Start of Available data
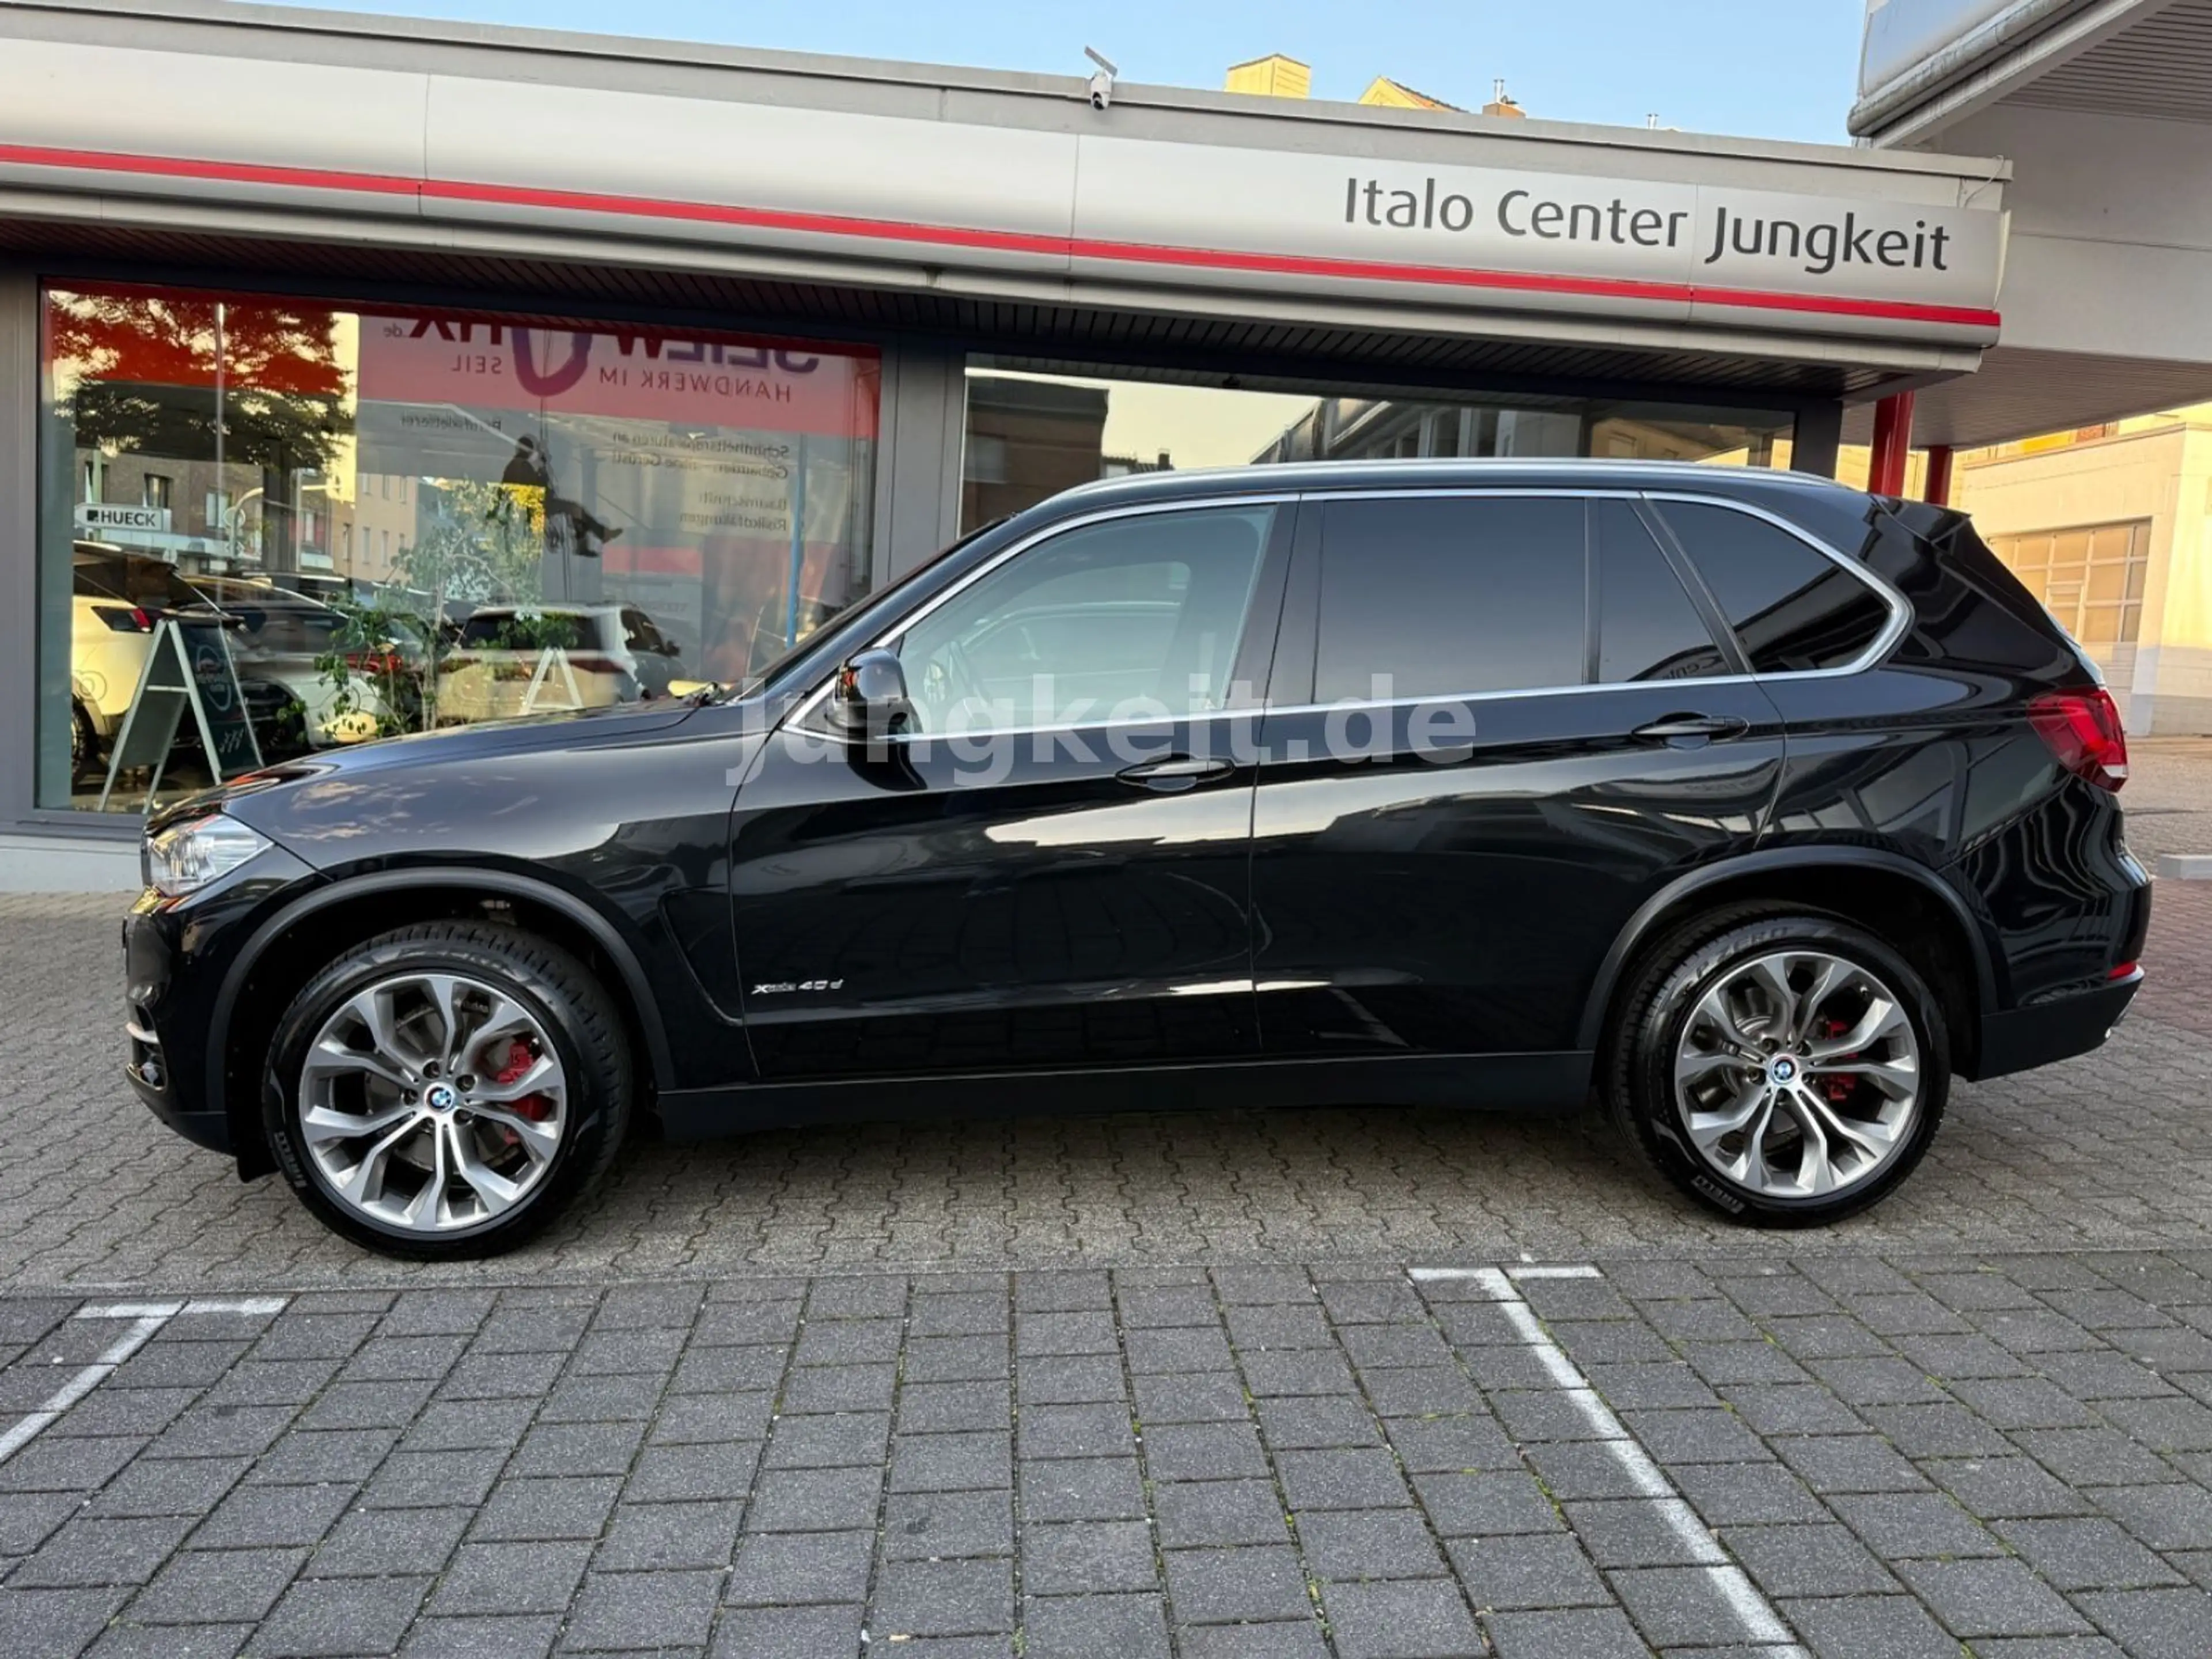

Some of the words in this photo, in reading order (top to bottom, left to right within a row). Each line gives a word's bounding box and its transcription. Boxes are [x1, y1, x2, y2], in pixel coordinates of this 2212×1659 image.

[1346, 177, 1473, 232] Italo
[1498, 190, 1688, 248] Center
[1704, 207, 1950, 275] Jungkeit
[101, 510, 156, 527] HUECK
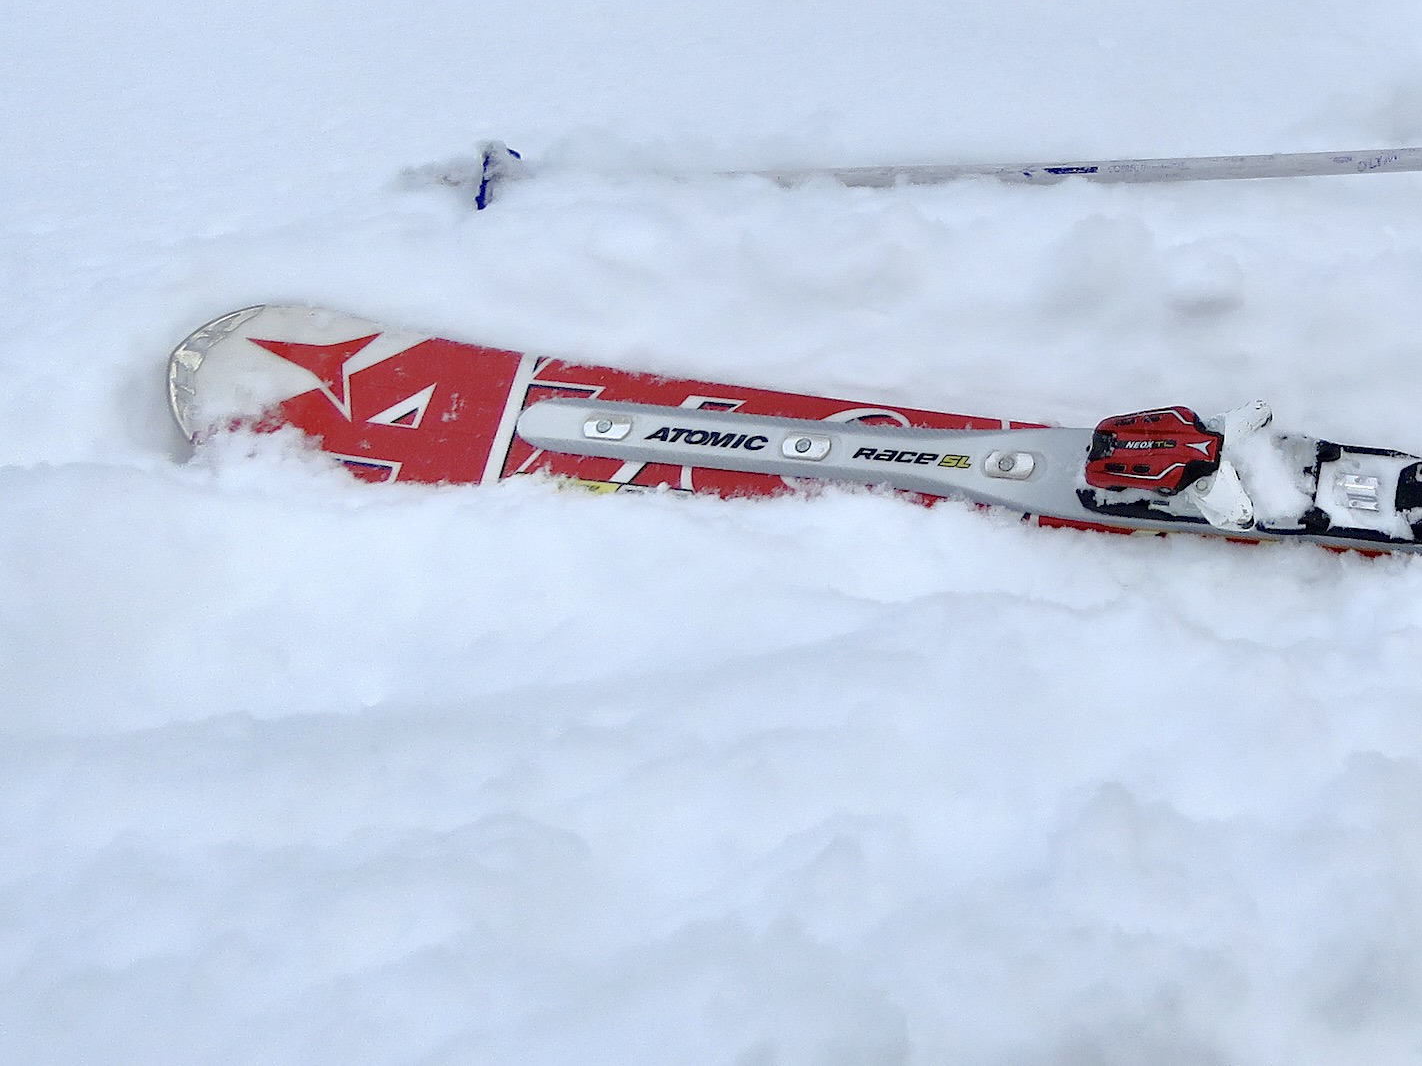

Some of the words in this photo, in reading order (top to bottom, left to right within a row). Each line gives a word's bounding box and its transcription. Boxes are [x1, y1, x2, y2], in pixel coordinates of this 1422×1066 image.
End of Available data
■ Task item
The entries above need to be repeated in full, word for word. Skip the images.

■ Output below
Some of the words in this photo, in reading order (top to bottom, left to right within a row). Each line gives a word's bounding box and its transcription. Boxes are [x1, y1, x2, y2], in pixel coordinates of this 2212×1659 image.

[1346, 177, 1473, 232] Italo
[1498, 190, 1688, 248] Center
[1704, 207, 1950, 275] Jungkeit
[101, 510, 156, 527] HUECK

Some of the words in this photo, in reading order (top to bottom, left to right within a row). Each line gives a word's bounding box and its transcription. Boxes are [x1, y1, x2, y2], in pixel coordinates of this 1422×1066 image.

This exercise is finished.